La bûcheronne était tout en pleurs : « Hélas ! où sont maintenant mes enfants, mes pauvres enfants ! » – Elle le dit une fois si haut, que les enfants, qui étaient à la porte, l’ayant entendu, se mirent à crier tous ensemble : « Nous voilà ! nous voilà ! » – Elle courut vite leur ouvrir la porte, et leur dit en les embrassant : « Que je suis aise de vous revoir[18], mes chers enfants ! Vous êtes bien las, et vous avez bien faim ; et toi, Pierrot, comme te voilà crotté, viens que je te débarbouille. – Ce Pierrot était son fils aîné, qu’elle aimait plus que tous les autres, parce qu’il était un peu rousseau, et qu’elle était un peu rousse. Ils se mirent à table, et mangèrent d’un appétit qui faisait plaisir au père et à la mère, à qui ils racontaient la peur qu’ils avaient eue dans la forêt, en parlant presque toujours tous ensemble. Ces bonnes gens étaient ravis de revoir leurs enfants avec eux, et cette joie dura tant que les dix écus durèrent[19].

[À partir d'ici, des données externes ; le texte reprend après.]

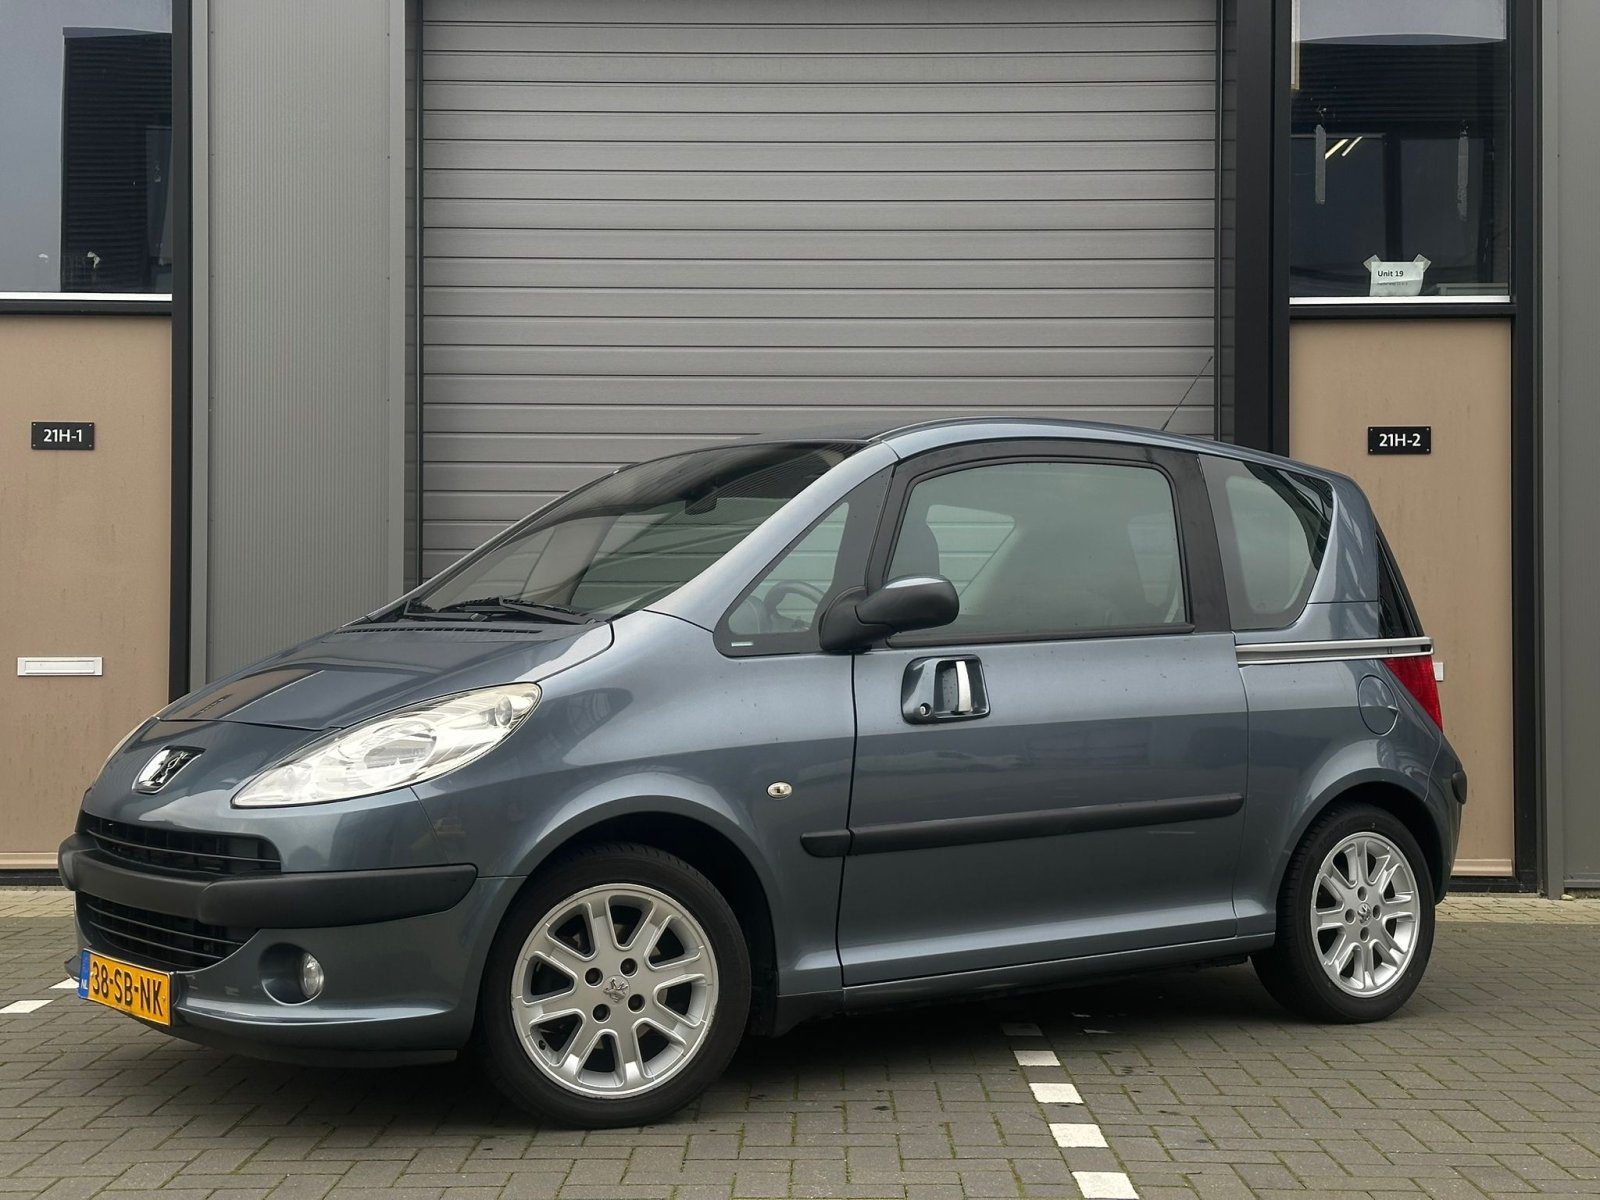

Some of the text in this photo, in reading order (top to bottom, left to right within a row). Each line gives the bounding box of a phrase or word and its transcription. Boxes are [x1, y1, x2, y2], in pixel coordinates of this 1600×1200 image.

Mais, lorsque l’argent fut dépensé, ils retombèrent dans leur premier chagrin, et résolurent de les perdre encore ; et, pour ne pas manquer leur coup, de les mener bien plus loin que la première fois.

Ils ne purent parler de cela si secrètement qu’ils ne fussent entendus par le Petit Poucet, qui fit son compte de sortir d’affaire comme il avait déjà fait ; mais, quoiqu’il se fût levé de grand matin pour aller ramasser de petits cailloux, il ne put en venir à bout, car il trouva la porte de la maison fermée à double tour. Il ne savait que faire, lorsque, la bûcheronne leur ayant donné à chacun un morceau de pain pour leur déjeuner, il songea qu’il pourrait se servir de son pain au lieu de cailloux, en le jetant par miettes le long des chemins où ils passeraient : il le serra donc dans sa poche.

Le père et la mère les menèrent dans l’endroit de la forêt le plus épais et le plus obscur ; et, dès qu’ils y furent, ils gagnèrent un faux-fuyant[20], et les laissèrent là. Le Petit Poucet ne s’en chagrina pas beaucoup, parce qu’il croyait retrouver aisément son chemin, par le moyen de son pain qu’il avait semé partout où il avait passé ; mais il fut bien surpris lorsqu’il ne put en retrouver une seule miette : les oiseaux étaient venus qui avaient tout mangé.